Игорь Минутко - Мишка-печатник
Мимо кучек людей…
Мимо песен и плачей…
Мимо разлук и надежд на встречи…
Уже виден паровоз, большой, жаркий, в красных флагах. Впервые Федя так близко видит паровоз. На третьей и четвертой теплушках написано мелом: «Отряд губ. типографии».
И Федя видит, что у вагонов стоят бабка Фрося, Любка-балаболка, Сашка-цыган из Задворного тупика и другие их соседи, и еще много людей, родных типографских рабочих. И Давид Семенович тут. И все они шатнулись им навстречу. Сразу смешались все, перепутались. Возгласы, плач, смех…
Федю обнимает Давид Семенович, и в глазах у него- так странно! — слезы. А отец быстро говорит:
— Так я прошу, Давид… Дашу не забывай.
— Ну зачем ты! Зачем лишние слова! — Давид Семенович стал суетливым, маленьким, и Феде почему-то жалко его.
— Ты навещай ее, как разрешат.
— Конечно, конечно… — Давид Семенович вздыхает порывисто. — Если бы не болезнь проклятая… С вами бы сейчас ехал!
Федю кто-то дергает за рукав. Смотрит — Любка-балаболка. Красивая, очень красивая Любка. Густые рыжие волосы из-под платка торчат, глаза глубокие, тревожные. Чаще забилось сердце Феди.
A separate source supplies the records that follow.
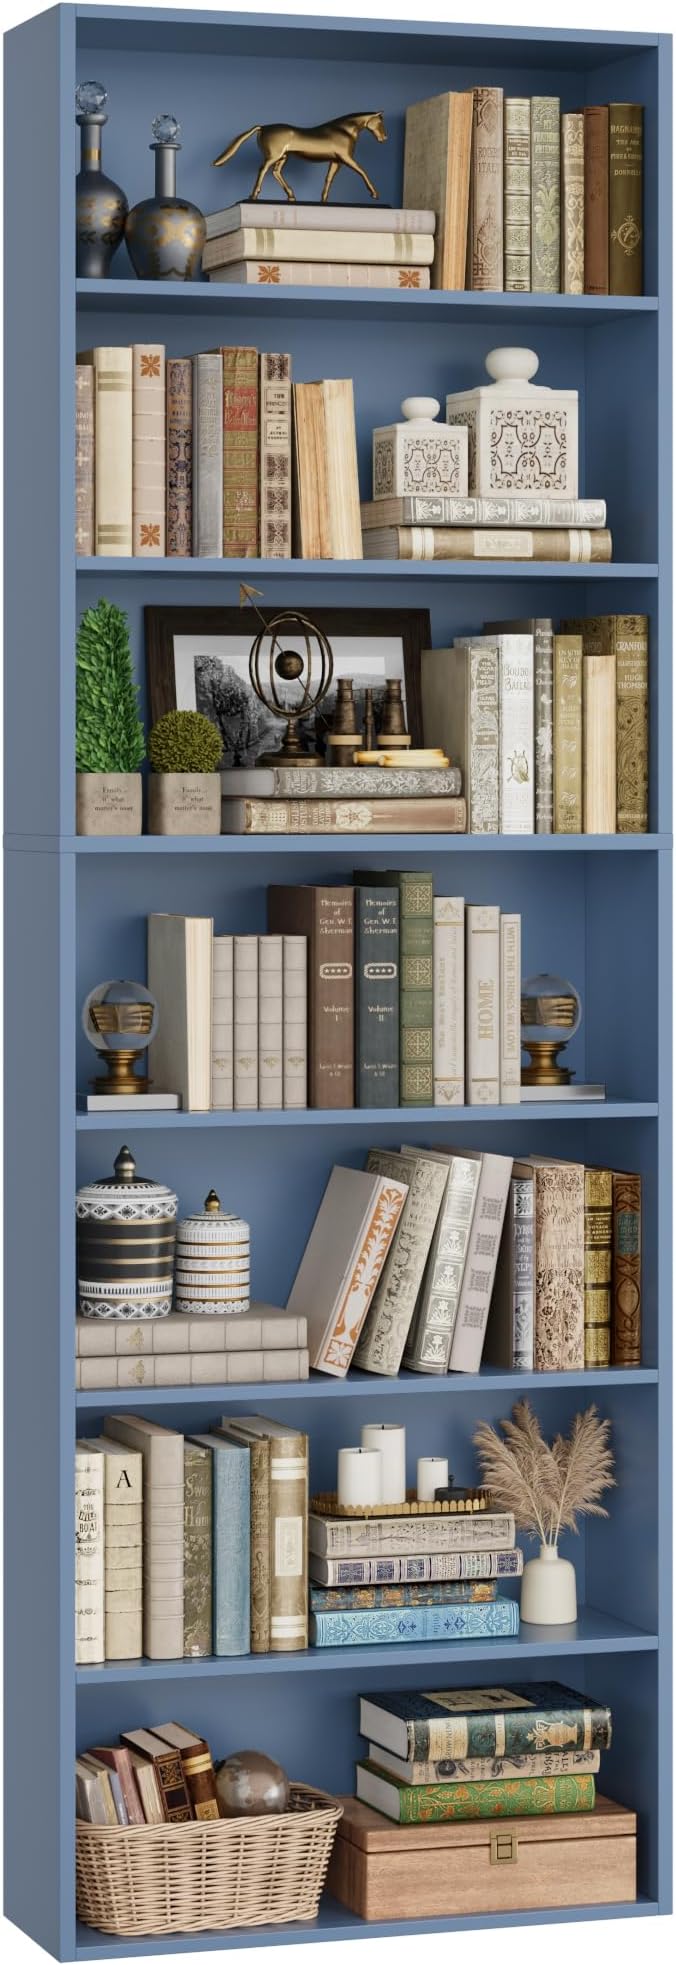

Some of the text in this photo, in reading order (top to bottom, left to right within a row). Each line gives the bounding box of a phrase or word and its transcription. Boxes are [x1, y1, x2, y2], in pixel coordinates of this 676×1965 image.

[321, 899, 352, 907] Memoirs
[365, 899, 397, 907] Memoirs
[333, 907, 341, 916] of
[378, 908, 385, 916] of
[320, 926, 352, 934] Sherman
[363, 926, 397, 934] Sherman
[506, 927, 516, 1053] WITH THE THINGS WE LOVE
[323, 1005, 351, 1013] Volume
[367, 1005, 394, 1013] Volume
[478, 980, 494, 1039] HOME
[115, 1469, 132, 1488] A
[79, 1522, 97, 1532] BOAT
Однако он зачем-то насупился.
— Чего тебе?
— Федь… — опускает Любка глаза.
— Ну?
— Значит, ты тоже едешь? — В Любкином голосе прямо раболепное уважение.
— Ну, еду. Чего тут особенного!
— Ты напишешь мне письмо?
Теплеет Федина душа. Конечно, напишет. Про все. Про фронт, про то, как он будет сражаться с белыми.
— А зачем? — спрашивает Федя.
— Так… -Любкины ресницы вздрагивают.
— Ладно.
— Правда, напишешь? — счастливо улыбается Любка.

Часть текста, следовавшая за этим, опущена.